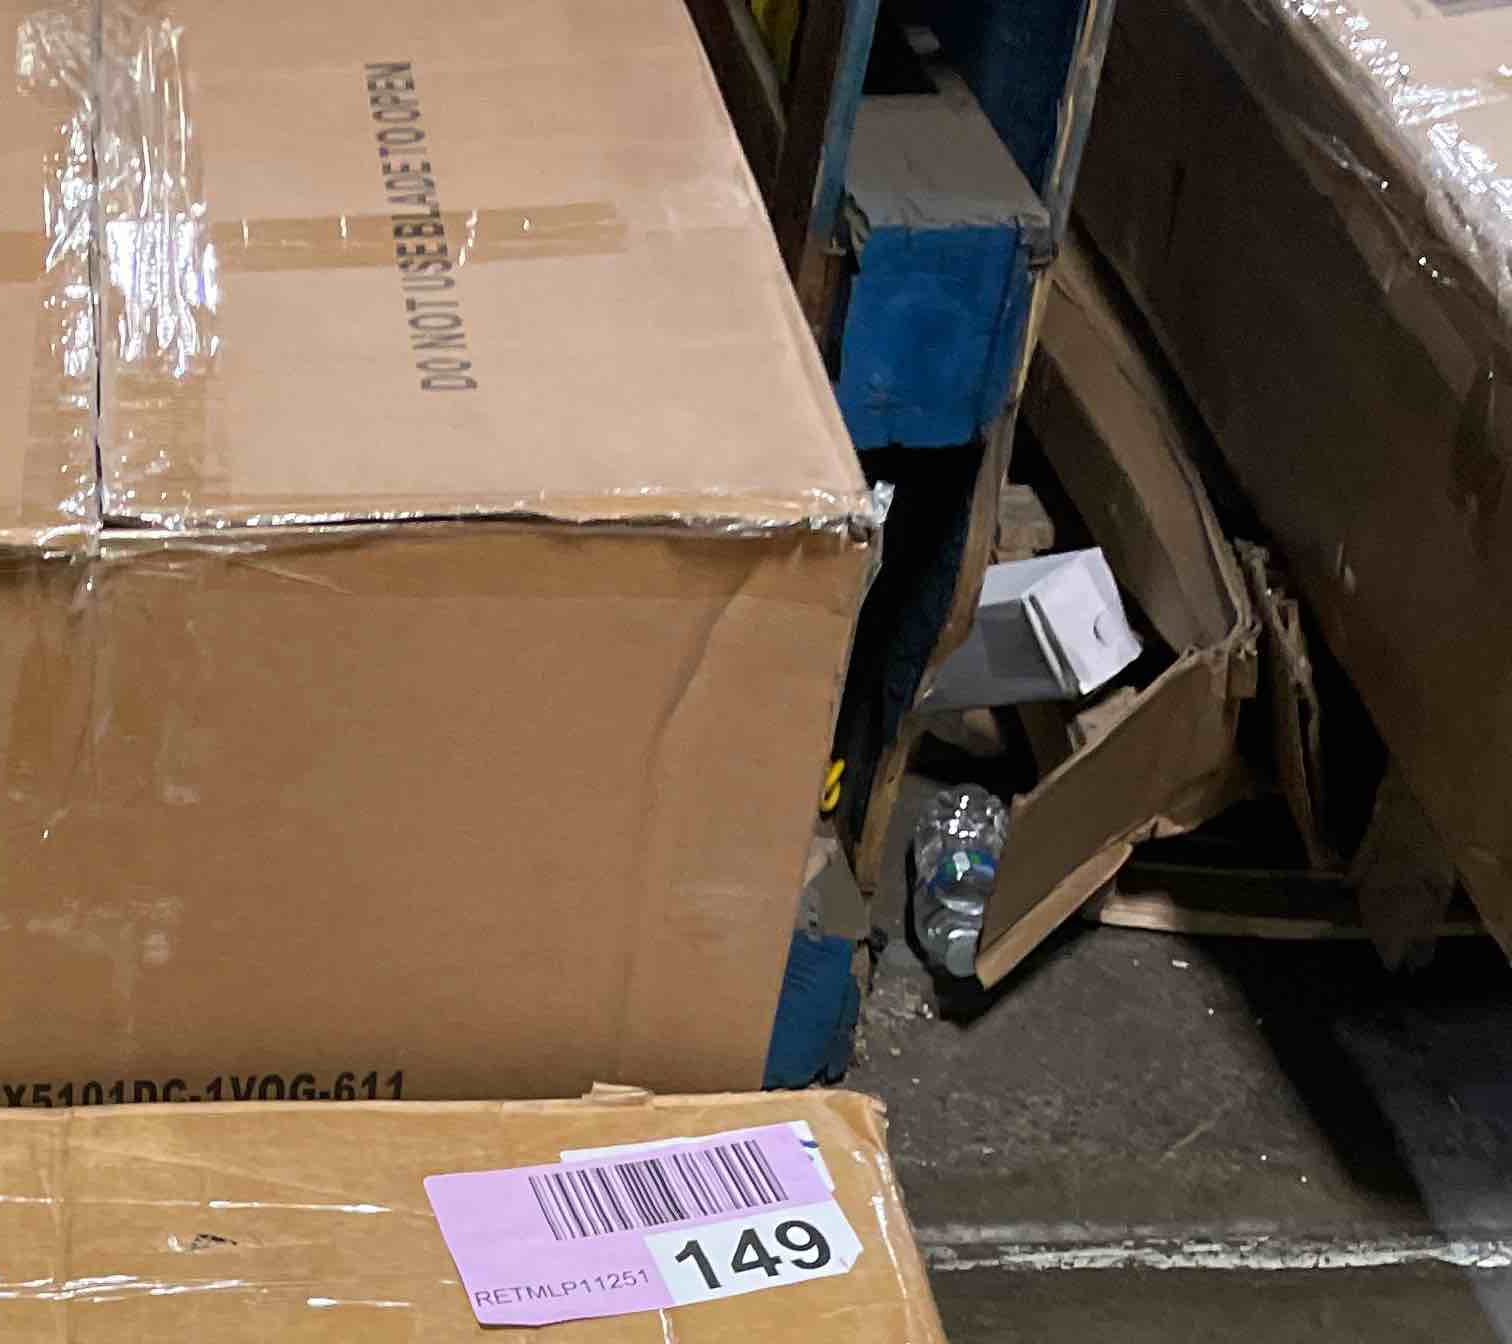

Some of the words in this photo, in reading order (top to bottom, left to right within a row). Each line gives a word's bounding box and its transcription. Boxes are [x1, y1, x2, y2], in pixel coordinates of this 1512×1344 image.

[365, 61, 421, 122] OPEN
[382, 161, 444, 238] BLADE
[396, 242, 455, 292] USE
[406, 298, 468, 350] NOT
[416, 357, 478, 391] DO
[675, 1219, 831, 1290] 149
[474, 1269, 649, 1307] RETMLP11251

==*==

Assignment:
I'd like every record above written out again exactly, without the pictures.

Task result:
Some of the words in this photo, in reading order (top to bottom, left to right within a row). Each line gives a word's bounding box and its transcription. Boxes are [x1, y1, x2, y2], in pixel coordinates of this 1512×1344 image.

[365, 61, 421, 122] OPEN
[382, 161, 444, 238] BLADE
[396, 242, 455, 292] USE
[406, 298, 468, 350] NOT
[416, 357, 478, 391] DO
[675, 1219, 831, 1290] 149
[474, 1269, 649, 1307] RETMLP11251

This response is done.